Records shown =
• • • • • • •

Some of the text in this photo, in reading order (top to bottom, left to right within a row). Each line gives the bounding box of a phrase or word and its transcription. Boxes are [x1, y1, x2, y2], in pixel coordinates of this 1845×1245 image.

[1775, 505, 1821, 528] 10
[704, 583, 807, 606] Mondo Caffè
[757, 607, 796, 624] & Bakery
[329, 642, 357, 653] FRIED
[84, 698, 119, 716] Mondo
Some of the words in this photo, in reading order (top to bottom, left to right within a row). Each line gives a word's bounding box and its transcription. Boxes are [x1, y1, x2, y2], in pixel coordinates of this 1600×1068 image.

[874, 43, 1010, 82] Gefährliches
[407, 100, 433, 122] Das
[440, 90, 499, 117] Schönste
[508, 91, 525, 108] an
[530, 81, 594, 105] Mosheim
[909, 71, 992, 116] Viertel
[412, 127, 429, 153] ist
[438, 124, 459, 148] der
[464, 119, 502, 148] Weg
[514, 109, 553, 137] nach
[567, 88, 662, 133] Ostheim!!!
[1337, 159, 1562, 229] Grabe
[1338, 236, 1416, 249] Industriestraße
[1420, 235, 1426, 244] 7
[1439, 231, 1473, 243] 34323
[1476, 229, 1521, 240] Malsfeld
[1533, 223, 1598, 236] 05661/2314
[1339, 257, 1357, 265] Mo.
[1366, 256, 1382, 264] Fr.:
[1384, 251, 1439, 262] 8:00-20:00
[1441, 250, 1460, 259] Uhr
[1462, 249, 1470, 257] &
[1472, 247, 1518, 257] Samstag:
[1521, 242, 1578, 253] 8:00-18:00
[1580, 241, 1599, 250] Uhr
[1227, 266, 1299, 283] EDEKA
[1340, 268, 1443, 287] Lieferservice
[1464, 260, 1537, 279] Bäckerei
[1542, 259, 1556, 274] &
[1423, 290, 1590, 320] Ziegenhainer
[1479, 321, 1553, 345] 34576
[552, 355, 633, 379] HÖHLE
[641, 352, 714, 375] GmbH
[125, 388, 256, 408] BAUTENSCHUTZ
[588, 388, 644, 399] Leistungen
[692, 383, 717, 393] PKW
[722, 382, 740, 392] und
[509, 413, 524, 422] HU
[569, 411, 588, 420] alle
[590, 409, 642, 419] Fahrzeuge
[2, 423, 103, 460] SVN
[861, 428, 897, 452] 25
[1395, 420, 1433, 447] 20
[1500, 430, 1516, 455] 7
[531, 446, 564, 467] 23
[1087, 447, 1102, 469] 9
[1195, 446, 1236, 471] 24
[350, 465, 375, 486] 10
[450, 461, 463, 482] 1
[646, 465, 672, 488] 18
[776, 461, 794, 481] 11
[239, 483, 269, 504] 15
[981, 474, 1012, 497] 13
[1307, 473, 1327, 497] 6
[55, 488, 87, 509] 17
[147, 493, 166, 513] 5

• • • • • • •

Task to complete =
Would you return the whole listing exactly as written?

Answer box =
Some of the text in this photo, in reading order (top to bottom, left to right within a row). Each line gives the bounding box of a phrase or word and its transcription. Boxes are [x1, y1, x2, y2], in pixel coordinates of this 1845×1245 image.

[1775, 505, 1821, 528] 10
[704, 583, 807, 606] Mondo Caffè
[757, 607, 796, 624] & Bakery
[329, 642, 357, 653] FRIED
[84, 698, 119, 716] Mondo
Some of the words in this photo, in reading order (top to bottom, left to right within a row). Each line gives a word's bounding box and its transcription. Boxes are [x1, y1, x2, y2], in pixel coordinates of this 1600×1068 image.

[874, 43, 1010, 82] Gefährliches
[407, 100, 433, 122] Das
[440, 90, 499, 117] Schönste
[508, 91, 525, 108] an
[530, 81, 594, 105] Mosheim
[909, 71, 992, 116] Viertel
[412, 127, 429, 153] ist
[438, 124, 459, 148] der
[464, 119, 502, 148] Weg
[514, 109, 553, 137] nach
[567, 88, 662, 133] Ostheim!!!
[1337, 159, 1562, 229] Grabe
[1338, 236, 1416, 249] Industriestraße
[1420, 235, 1426, 244] 7
[1439, 231, 1473, 243] 34323
[1476, 229, 1521, 240] Malsfeld
[1533, 223, 1598, 236] 05661/2314
[1339, 257, 1357, 265] Mo.
[1366, 256, 1382, 264] Fr.:
[1384, 251, 1439, 262] 8:00-20:00
[1441, 250, 1460, 259] Uhr
[1462, 249, 1470, 257] &
[1472, 247, 1518, 257] Samstag:
[1521, 242, 1578, 253] 8:00-18:00
[1580, 241, 1599, 250] Uhr
[1227, 266, 1299, 283] EDEKA
[1340, 268, 1443, 287] Lieferservice
[1464, 260, 1537, 279] Bäckerei
[1542, 259, 1556, 274] &
[1423, 290, 1590, 320] Ziegenhainer
[1479, 321, 1553, 345] 34576
[552, 355, 633, 379] HÖHLE
[641, 352, 714, 375] GmbH
[125, 388, 256, 408] BAUTENSCHUTZ
[588, 388, 644, 399] Leistungen
[692, 383, 717, 393] PKW
[722, 382, 740, 392] und
[509, 413, 524, 422] HU
[569, 411, 588, 420] alle
[590, 409, 642, 419] Fahrzeuge
[2, 423, 103, 460] SVN
[861, 428, 897, 452] 25
[1395, 420, 1433, 447] 20
[1500, 430, 1516, 455] 7
[531, 446, 564, 467] 23
[1087, 447, 1102, 469] 9
[1195, 446, 1236, 471] 24
[350, 465, 375, 486] 10
[450, 461, 463, 482] 1
[646, 465, 672, 488] 18
[776, 461, 794, 481] 11
[239, 483, 269, 504] 15
[981, 474, 1012, 497] 13
[1307, 473, 1327, 497] 6
[55, 488, 87, 509] 17
[147, 493, 166, 513] 5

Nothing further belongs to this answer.